Each entry that follows is to be retyped exactly. Pictures do not belong in the copy.

**RECORDS FOR PROCESSING**
- - -

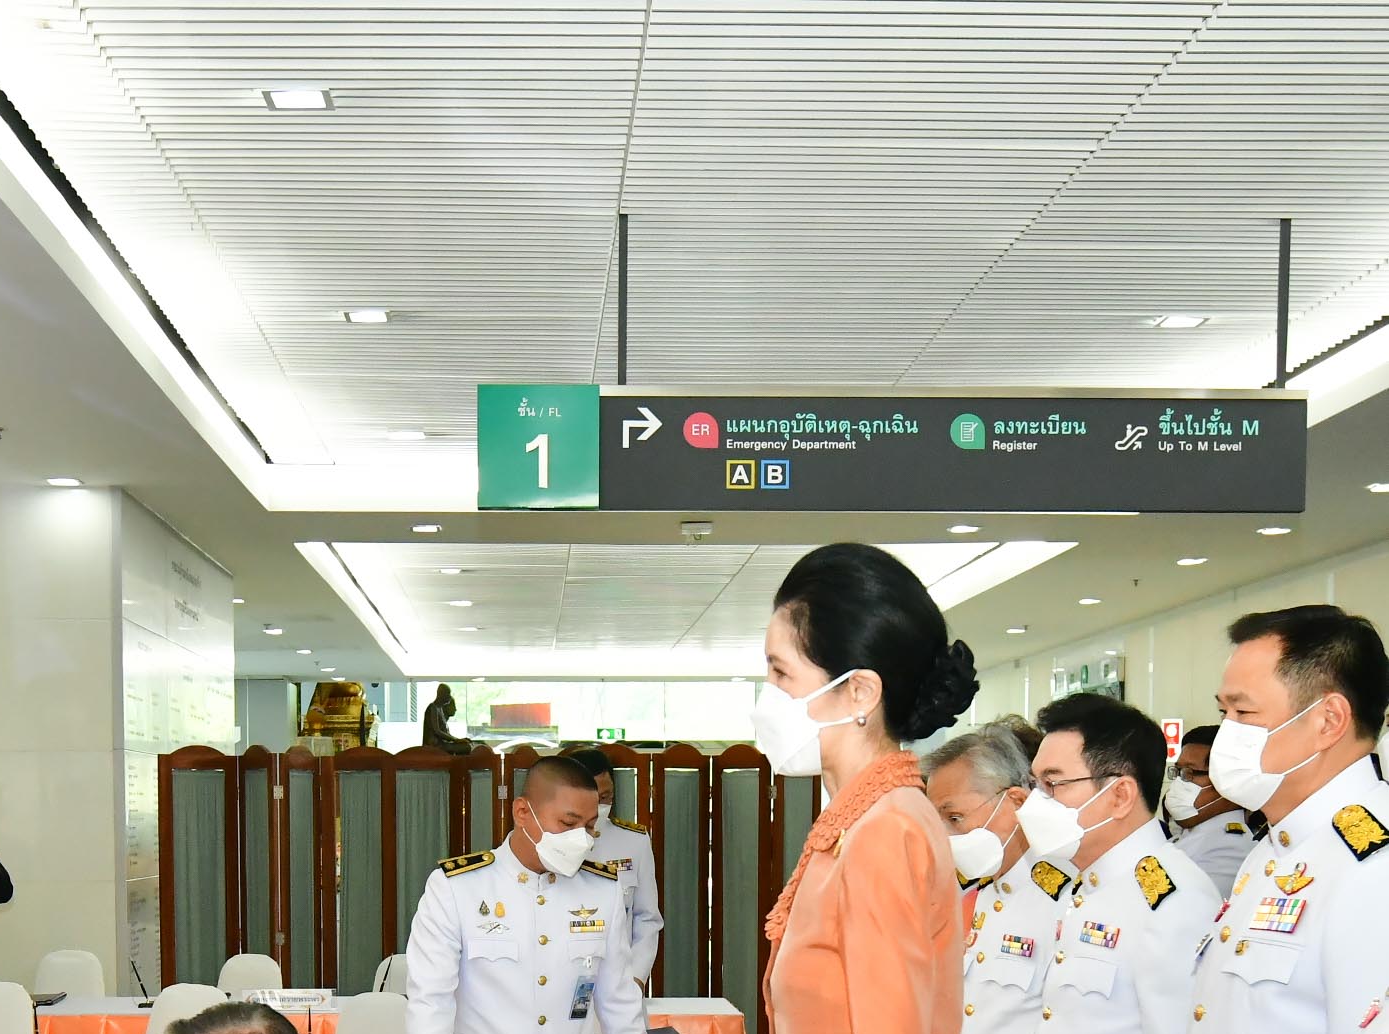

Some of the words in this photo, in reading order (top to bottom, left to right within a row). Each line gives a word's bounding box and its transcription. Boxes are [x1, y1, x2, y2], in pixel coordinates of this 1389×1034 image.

[517, 397, 536, 417] ชั้น
[548, 407, 562, 417] FL
[691, 424, 710, 436] ER
[726, 413, 919, 441] แผนกอุบัติเหตุ-ฉุกเฉิน
[993, 413, 1087, 435] ลงทะเบียน
[1158, 407, 1233, 436] ขึ้นไปชั้น
[1242, 419, 1259, 436] M
[726, 439, 787, 451] Emergency
[792, 439, 857, 451] Department
[992, 440, 1038, 453] Register
[1158, 441, 1174, 453] Up
[1178, 441, 1193, 451] To
[1197, 441, 1209, 451] M
[1213, 441, 1242, 451] Level
[525, 433, 549, 489] 1
[731, 465, 750, 484] A
[767, 465, 784, 484] B
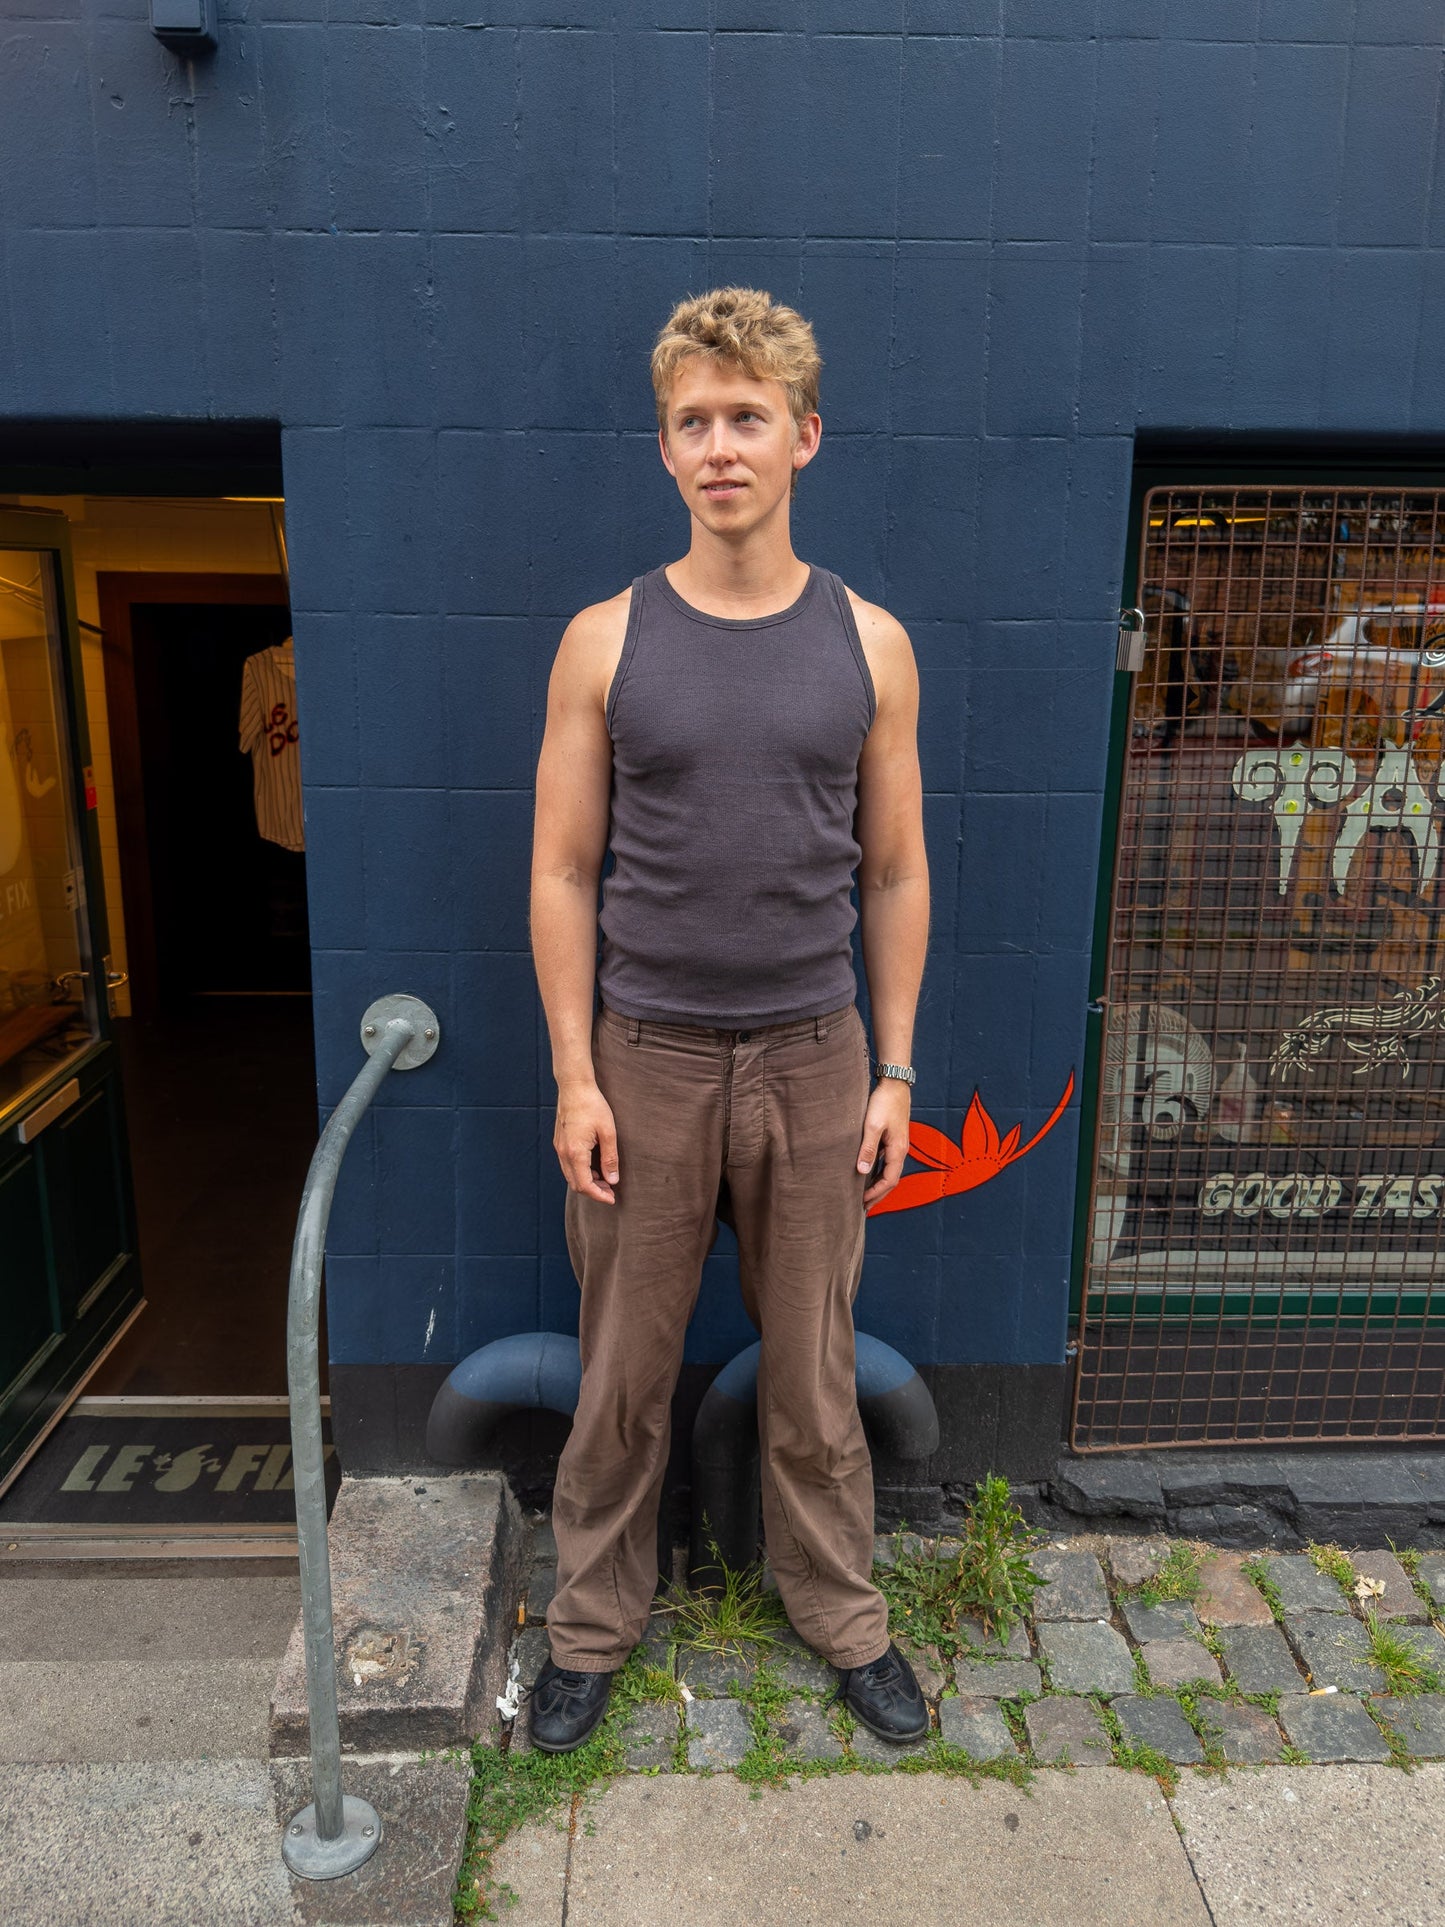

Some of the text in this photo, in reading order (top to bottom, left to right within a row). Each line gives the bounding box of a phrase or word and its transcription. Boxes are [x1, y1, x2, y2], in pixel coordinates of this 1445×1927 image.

- - -

**WORKED SOLUTION**
Some of the words in this photo, in reading order (top to bottom, left to right within a row). Each line gives a word's bounding box and its transcription. Boxes are [x1, y1, x2, y2], in pixel coordinates of this 1389×1034 image.

[517, 397, 536, 417] ชั้น
[548, 407, 562, 417] FL
[691, 424, 710, 436] ER
[726, 413, 919, 441] แผนกอุบัติเหตุ-ฉุกเฉิน
[993, 413, 1087, 435] ลงทะเบียน
[1158, 407, 1233, 436] ขึ้นไปชั้น
[1242, 419, 1259, 436] M
[726, 439, 787, 451] Emergency
[792, 439, 857, 451] Department
[992, 440, 1038, 453] Register
[1158, 441, 1174, 453] Up
[1178, 441, 1193, 451] To
[1197, 441, 1209, 451] M
[1213, 441, 1242, 451] Level
[525, 433, 549, 489] 1
[731, 465, 750, 484] A
[767, 465, 784, 484] B

Some of the text in this photo, in reading order (top to bottom, left to right within a row). Each line gives the bounding box of a phrase or word and its transcription. Boxes are [x1, y1, x2, y2], in pixel coordinates of this 1445×1927 image.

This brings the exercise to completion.